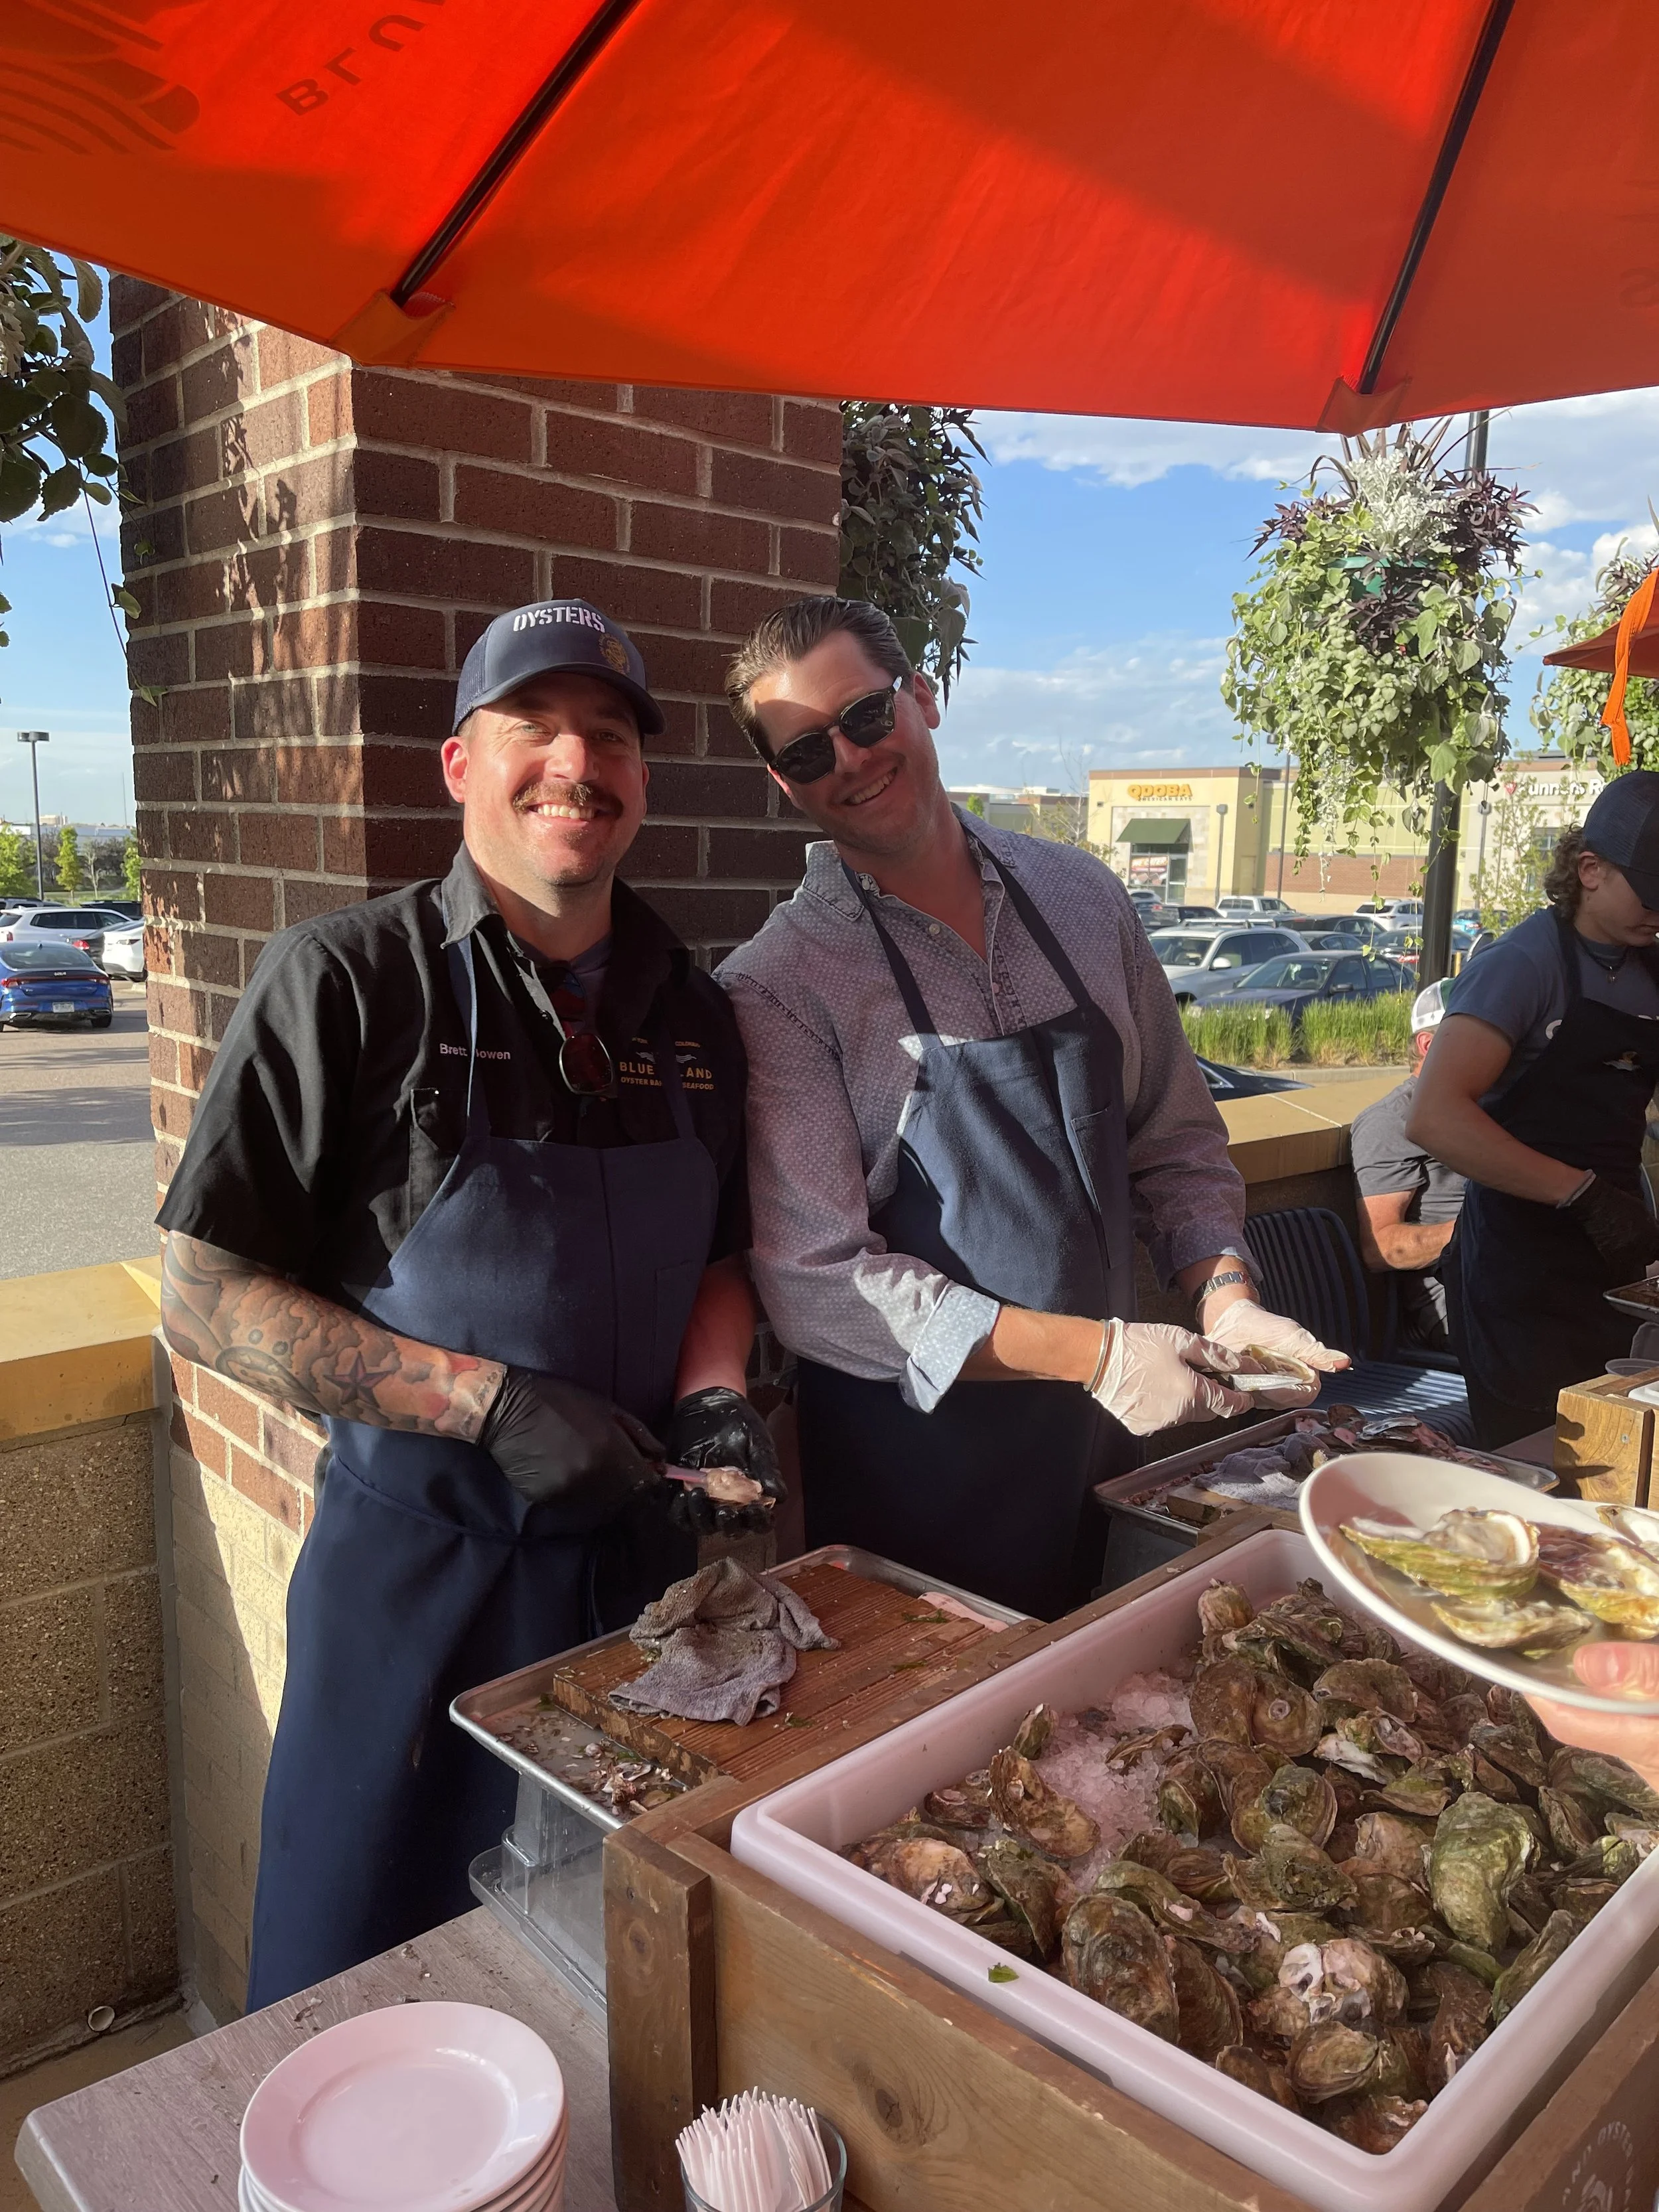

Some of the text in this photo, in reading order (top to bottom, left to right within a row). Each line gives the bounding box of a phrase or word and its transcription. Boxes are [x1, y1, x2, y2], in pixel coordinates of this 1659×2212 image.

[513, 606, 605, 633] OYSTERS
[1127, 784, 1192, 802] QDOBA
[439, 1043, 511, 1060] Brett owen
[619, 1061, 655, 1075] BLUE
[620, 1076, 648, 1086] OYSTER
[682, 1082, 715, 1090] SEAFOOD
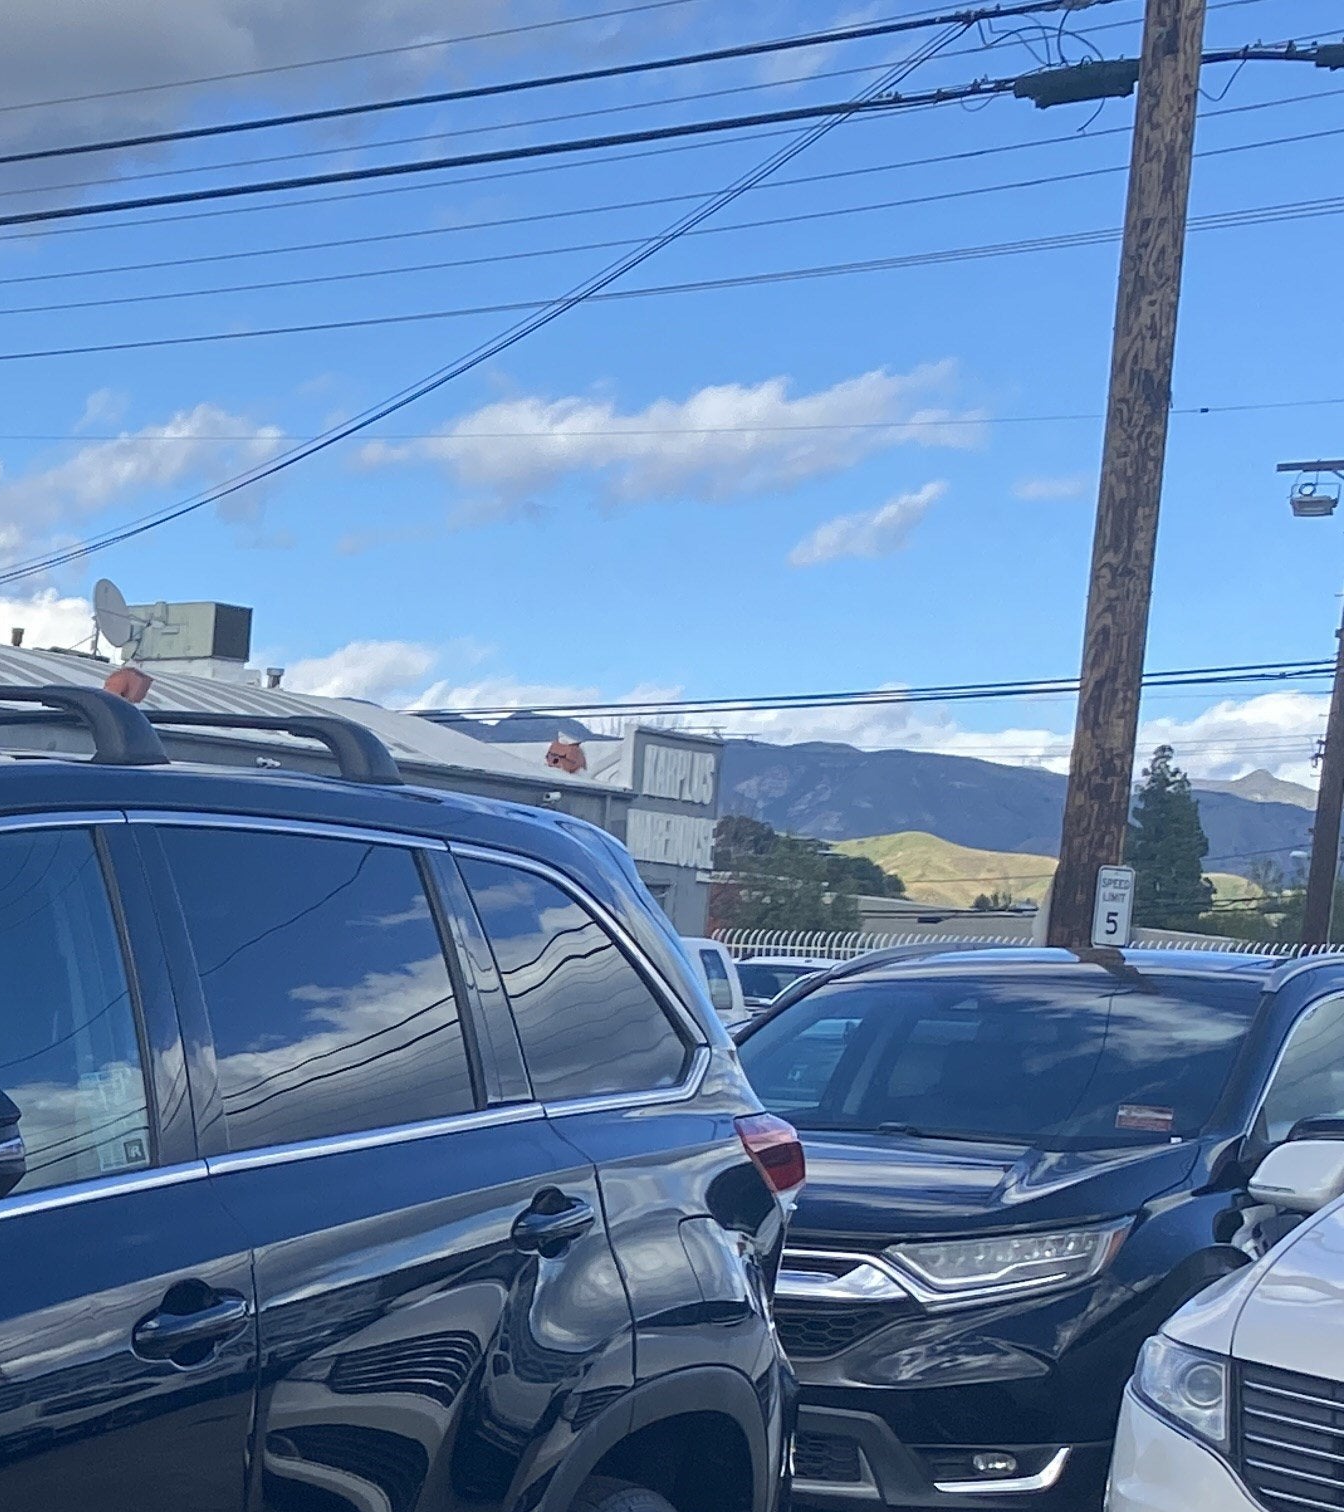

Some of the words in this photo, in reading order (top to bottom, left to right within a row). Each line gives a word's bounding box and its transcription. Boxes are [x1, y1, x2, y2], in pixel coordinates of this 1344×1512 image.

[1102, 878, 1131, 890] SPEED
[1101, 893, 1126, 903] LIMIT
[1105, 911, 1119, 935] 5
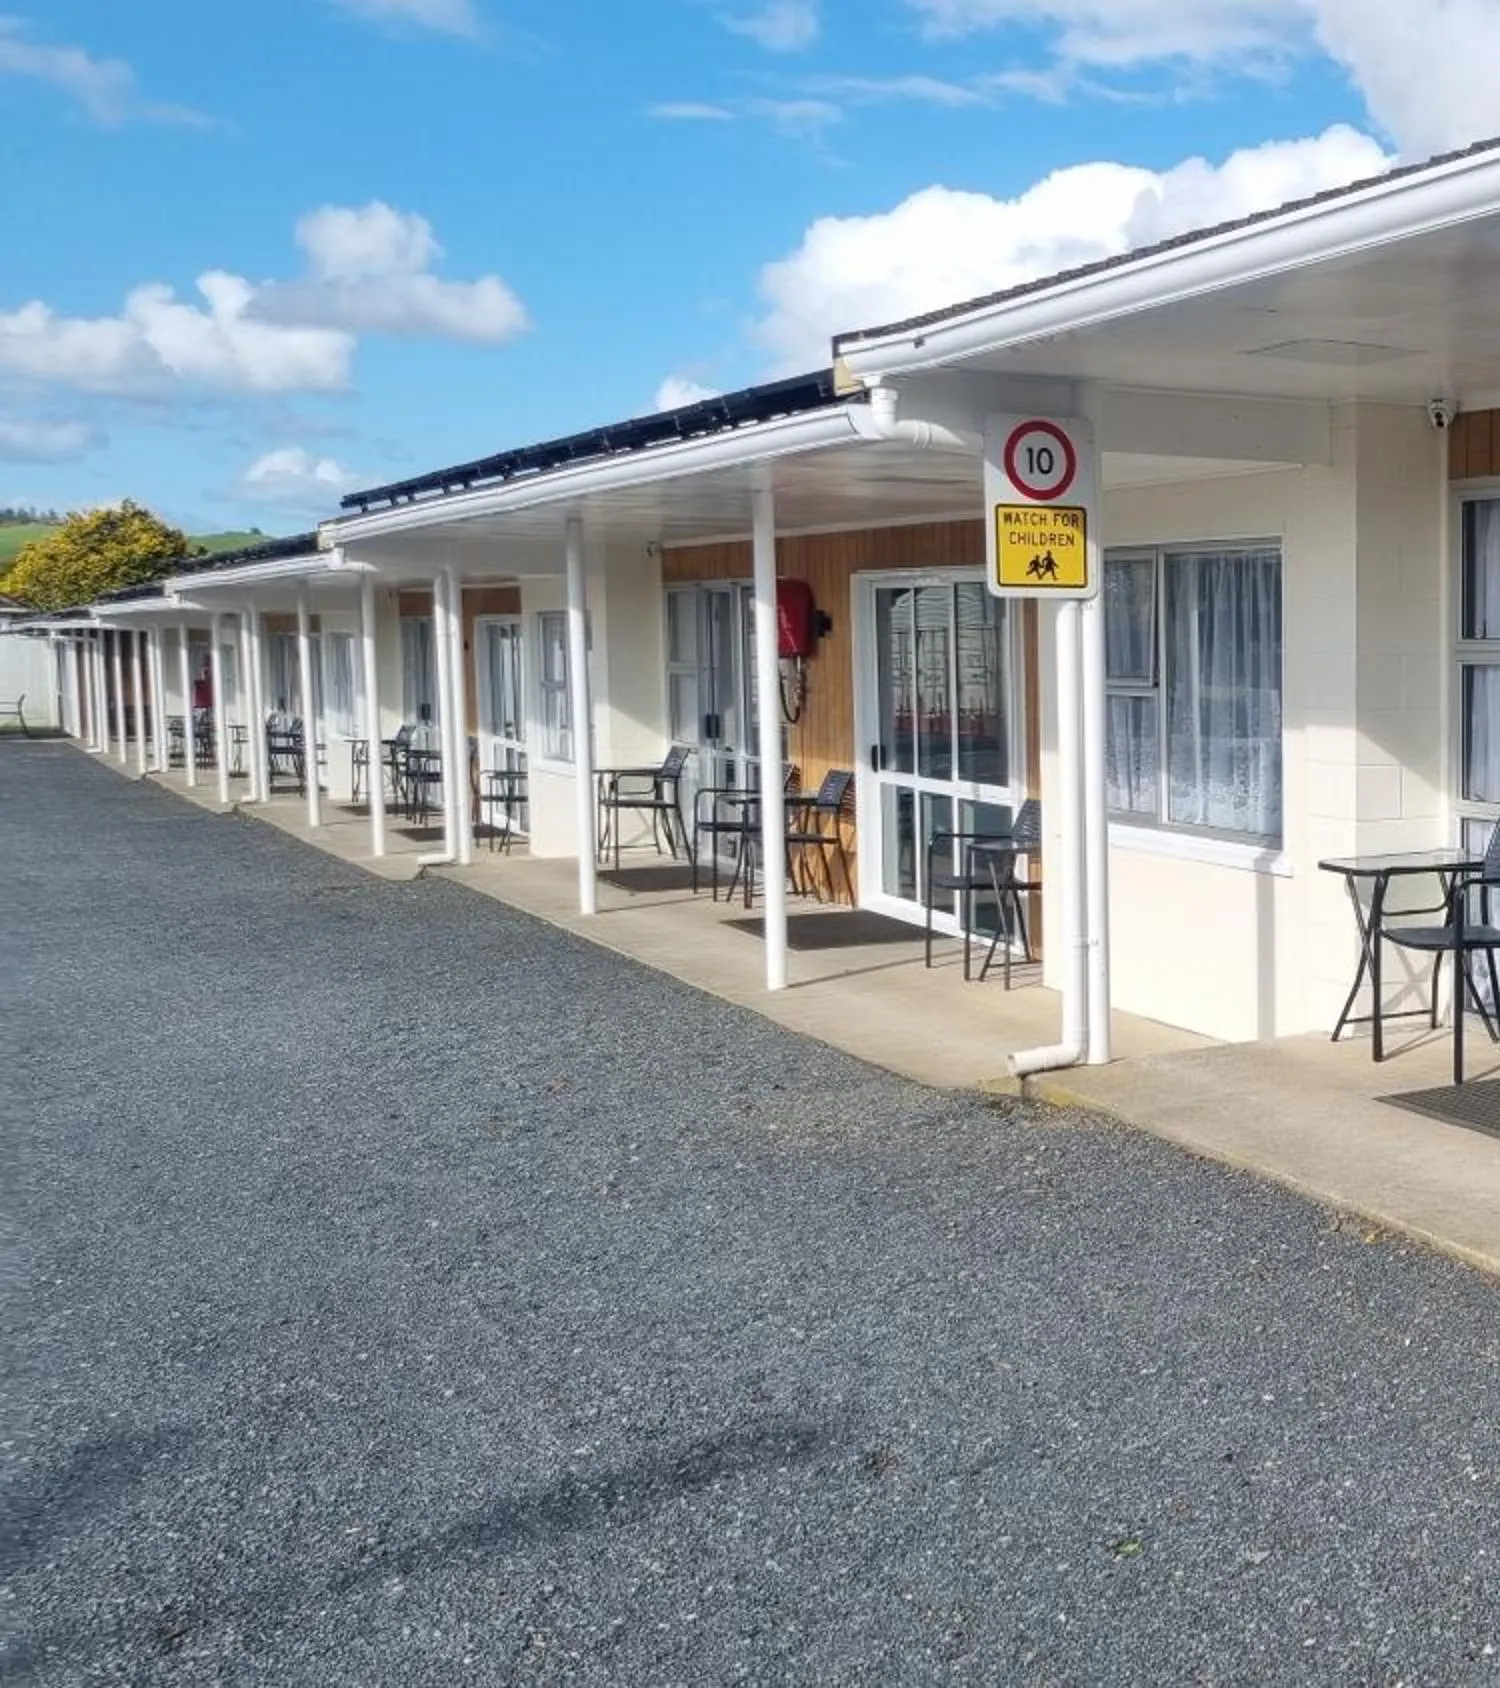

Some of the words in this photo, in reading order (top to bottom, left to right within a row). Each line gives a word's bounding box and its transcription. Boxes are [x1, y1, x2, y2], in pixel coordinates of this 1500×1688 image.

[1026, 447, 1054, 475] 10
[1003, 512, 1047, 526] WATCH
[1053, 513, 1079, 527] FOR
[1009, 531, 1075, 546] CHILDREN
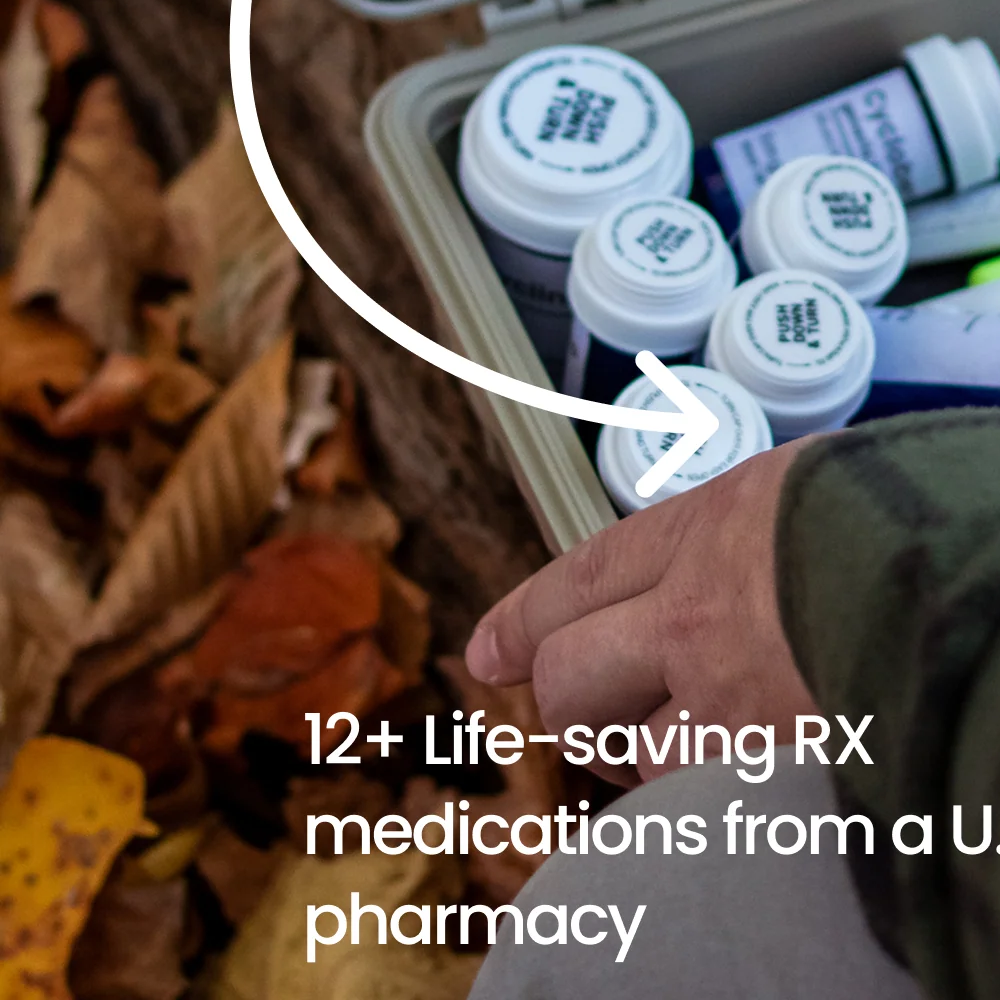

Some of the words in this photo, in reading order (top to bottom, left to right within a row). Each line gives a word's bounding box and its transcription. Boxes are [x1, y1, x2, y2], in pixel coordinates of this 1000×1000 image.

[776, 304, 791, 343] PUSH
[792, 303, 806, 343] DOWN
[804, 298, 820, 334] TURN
####################
## Task requirements
Give back the whole listing exactly; no pictures.

## Response below
Some of the text in this photo, in reading order (top to bottom, left to right within a row). Each line gives the bounding box of a phrase or word and its transcription. Boxes are [x1, y1, x2, y2], in pixel coordinates of this 1659×2212 image.

[513, 606, 605, 633] OYSTERS
[1127, 784, 1192, 802] QDOBA
[439, 1043, 511, 1060] Brett owen
[619, 1061, 655, 1075] BLUE
[620, 1076, 648, 1086] OYSTER
[682, 1082, 715, 1090] SEAFOOD

Some of the words in this photo, in reading order (top to bottom, left to right within a row). Each line gives a word's bounding box and its transcription. Boxes are [x1, y1, x2, y2], in pixel coordinates of this 1344×1512 image.

[1102, 878, 1131, 890] SPEED
[1101, 893, 1126, 903] LIMIT
[1105, 911, 1119, 935] 5

Some of the words in this photo, in reading order (top to bottom, left to right within a row). Each line gives a word's bounding box and its transcription. Boxes are [x1, y1, x2, y2], in pixel coordinates of this 1500×1688 image.

[1026, 447, 1054, 475] 10
[1003, 512, 1047, 526] WATCH
[1053, 513, 1079, 527] FOR
[1009, 531, 1075, 546] CHILDREN

Some of the words in this photo, in reading order (top to bottom, left to right within a row). Each line gives a word's bounding box and its transcription. Boxes are [x1, y1, x2, y2], in pixel coordinates of this 1000×1000 image.

[776, 304, 791, 343] PUSH
[792, 303, 806, 343] DOWN
[804, 298, 820, 334] TURN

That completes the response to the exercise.